Re: [patch] patch for correct ospfapi ready callbacks [ In reply to ]
Re Greg,

> I really don't understand the details of the ospfapi.
>
> Greg, if you could give us a hint, how to clear the list when opaque
> capabilities go off?
>
> I'm not sure this is right. My point is really that what happens when
> the router is commanded to turn opaque capabilities off and there are
> clients connected is not clear, and that needs to be thought through
> and documented first.

Oh, that's clear and documented. an inject will return the error code
-7, which means "not ready". OSPFAPI will call the ready-callback with
an argument telling which type got ready as soon as the count of opaque
enabled routers becomes > 1. This /does/ happen when no opaque lsa are
currently injected of a specific type, but this /does not/ happen for a
specific type if that type has injected lsa's at the moment of going
non-ready. This is an incorrect (I discussed this with Ralph, the
OSPFAPI author today) and OSPFAPI should call the ready-callback.

Now, the problem is simply to find out if we need to clean up ->list_id
or if we can leave it full. Iif we need to clean it up, then we should
fix the "going non-ready" path and we should clean up ->list_id when
going non-ready, meaning when a inject fails with -7. If it's ok to have
->list_id filled, then my fix is correct.

We would need to know more about ->list_id. What I can say after some
testing, is that I did not yet see anything bad happening using my patch
in the last 48h.

Regards
- Amir
--
Amir Guindehi, nospam.amir@datacore.ch
DataCore GmbH, Witikonerstrasse 289, 8053 Zurich, Switzerland
Re: [patch] patch for correct ospfapi ready callbacks [ In reply to ]
But what about

a client connects
gets 'ready'
injects a few LSAs
opaque disabled
presumably client gets a 'not ready'
opaque enabled
client gets 'ready'

Now, are the injected LSAs still injected, or was the not ready
supposed to notify the client they had been lost?
Re: [patch] patch for correct ospfapi ready callbacks [ In reply to ]
Re,

> But what about
>
> a client connects
> gets 'ready'
> injects a few LSAs
> opaque disabled
> presumably client gets a 'not ready'
> opaque enabled
> client gets 'ready'
>
> Now, are the injected LSAs still injected, or was the not ready
> supposed to notify the client they had been lost?

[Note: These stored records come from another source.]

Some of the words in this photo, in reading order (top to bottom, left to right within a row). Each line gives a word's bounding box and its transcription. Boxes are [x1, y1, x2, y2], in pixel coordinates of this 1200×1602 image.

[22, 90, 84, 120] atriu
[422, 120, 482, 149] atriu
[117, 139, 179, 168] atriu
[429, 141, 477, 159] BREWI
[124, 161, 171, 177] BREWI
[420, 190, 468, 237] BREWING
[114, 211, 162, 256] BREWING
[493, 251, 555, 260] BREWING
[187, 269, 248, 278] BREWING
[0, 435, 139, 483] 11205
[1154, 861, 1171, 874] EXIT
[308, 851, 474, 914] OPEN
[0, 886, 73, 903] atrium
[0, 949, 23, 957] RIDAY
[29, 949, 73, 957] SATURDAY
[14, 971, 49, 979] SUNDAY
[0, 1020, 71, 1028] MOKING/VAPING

The injected LSA stay in the global lsa database until they get deleted.
A not-ready callback tells a ospfapi client that the ospf daemon is
currently not able to flood a new LSA.

This does not mean that the already flooded LSA (which eventually will
be updated by this new inject) are lost!

As soon as an LSA's type gets ready again, it will be flooded containing
the old data, until a new inject updates that data or the LSA gets
deleted by the client.

- Amir
--
Amir Guindehi, nospam.amir@datacore.ch
DataCore GmbH, Witikonerstrasse 289, 8053 Zurich, Switzerland
Re: [patch] patch for correct ospfapi ready callbacks [ In reply to ]
The injected LSA stay in the global lsa database until they get deleted.
A not-ready callback tells a ospfapi client that the ospf daemon is
currently not able to flood a new LSA.

This does not mean that the already flooded LSA (which eventually will
be updated by this new inject) are lost!

But maybe it should. If one disables opaque lsa on a router, I would
expect that to mean that all currently published opaque LSAs are
deleted (max-aged) from the global database, and all connected clients
are informed that their LSAs have been unpublished.

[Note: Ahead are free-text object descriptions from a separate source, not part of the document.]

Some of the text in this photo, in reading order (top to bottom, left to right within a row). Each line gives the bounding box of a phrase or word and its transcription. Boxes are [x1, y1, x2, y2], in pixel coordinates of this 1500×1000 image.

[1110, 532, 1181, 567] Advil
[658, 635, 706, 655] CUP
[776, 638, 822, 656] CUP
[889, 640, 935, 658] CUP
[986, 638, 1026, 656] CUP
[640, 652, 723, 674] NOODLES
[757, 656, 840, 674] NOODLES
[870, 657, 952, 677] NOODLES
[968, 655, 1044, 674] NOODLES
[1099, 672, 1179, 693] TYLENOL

I must say that I find the whole 'not ready' concept to be odd. I
realize that the router can't flood without a partner, but I would
expect this to be handled by ospfd rather than pushed onto the user
process.

But changing this wouldn't resolve the central question, which is
about administratively disabling opaque lsas.
Re: [patch] patch for correct ospfapi ready callbacks [ In reply to ]
-----BEGIN PGP SIGNED MESSAGE-----
Hash: SHA1

Hi Greg,

> The injected LSA stay in the global lsa database until they get deleted.
> A not-ready callback tells a ospfapi client that the ospf daemon is
> currently not able to flood a new LSA.
>
> This does not mean that the already flooded LSA (which eventually will
> be updated by this new inject) are lost!
>
> But maybe it should. If one disables opaque lsa on a router, I would
> expect that to mean that all currently published opaque LSAs are
> deleted (max-aged) from the global database, and all connected clients
> are informed that their LSAs have been unpublished.

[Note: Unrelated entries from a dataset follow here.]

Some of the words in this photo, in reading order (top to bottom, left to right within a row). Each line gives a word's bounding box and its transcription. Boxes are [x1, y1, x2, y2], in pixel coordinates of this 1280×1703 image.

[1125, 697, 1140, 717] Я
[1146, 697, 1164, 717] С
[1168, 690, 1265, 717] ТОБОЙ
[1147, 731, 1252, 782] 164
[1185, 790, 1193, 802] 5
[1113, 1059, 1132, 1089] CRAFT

I agree. This is a possible and usable sematics too. But this is sadly
not the sematics implemented by OSPFAPI.

> I must say that I find the whole 'not ready' concept to be odd. I
> realize that the router can't flood without a partner, but I would
> expect this to be handled by ospfd rather than pushed onto the user
> process.

Look what I've found on Ralph's OSPFAPI homepage:

Important note:

* In order to originate an opaque LSA, there must be at least
one active opaque-capable neighbor. Thus, you cannot originate opaque
LSAs of no neighbors are present. If you try to originate even so no
neighbor is ready, you will receive a not ready error message. The
reason for this restriction is that it might be possible that some
routers have an identical opaque LSA from a previous origination in
their LSDB that unfortunately could not be flushed due to a crash, and
now if the router comes up again and starts originating a new opaque
LSA, the new opaque LSA is considered older since it has a lower
sequence number and is ignored by other routers (that consider the
stalled opaque LSA as more recent). However, if the originating router
first synchronizes the database before originating opaque LSAs, it will
detect the older opaque LSA and can flush it first.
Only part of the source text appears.